Dude, I just had an awesome rave/orgy with like bunch of hot Asian chicks on a cable car. It was like being in a Gwen Stefani video, cept w/o the bad spelling
God, I love San Francisco.
This is awkward. You have a four minute voicemail from me. I would delete it. I accidently hit your number on speed dial and called you while I was vomiting a mai tai.
There is a keg full of gin. THERE SHOULD NEVER EVER BE A KEG FULL OF GIN.
So he handed us the weed then asked us if we needed any papers. And she goes "i dont know what that means, do we need to sign something?"
My head weighs 7 pounds. i know this because i spent the majority of the night passed out in the bathroom, using the scale as a pillow.
Listen, you can whine about not having a "red" wine glass, or you can suck it up and chug it from the vase like the rest of us.
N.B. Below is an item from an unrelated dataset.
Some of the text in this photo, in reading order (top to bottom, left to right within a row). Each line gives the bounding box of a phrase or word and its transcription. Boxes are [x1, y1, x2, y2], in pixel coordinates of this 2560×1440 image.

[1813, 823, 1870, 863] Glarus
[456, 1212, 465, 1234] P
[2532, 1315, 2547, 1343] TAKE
The choice is yours.
According to FB I fucked in a field 365 days ago.
You were outside the bathroom the gay guy was puking in, screaming "IT GETS BETTER!" over and over again. Good message, poor execution.
I just masturbated while eating dinner. Now who's the lazy one
Want to come over and rub aloe on my tits?
Is "sorry I booted you out mid-fuck last night" a good icebreaker?
Just specific performance'd my way into her pants. I literally said specific performance and that shit worked. Thanks B. Law!
Omg, those nutella cakes are heavenly, like licking the nipples of a muscular black Jesus.
I'm watching Pretty Woman alone and weaving a basket for Fiona. This is my life.
I just traded sex to frolic with a box of husky puppies. Is this rock bottom?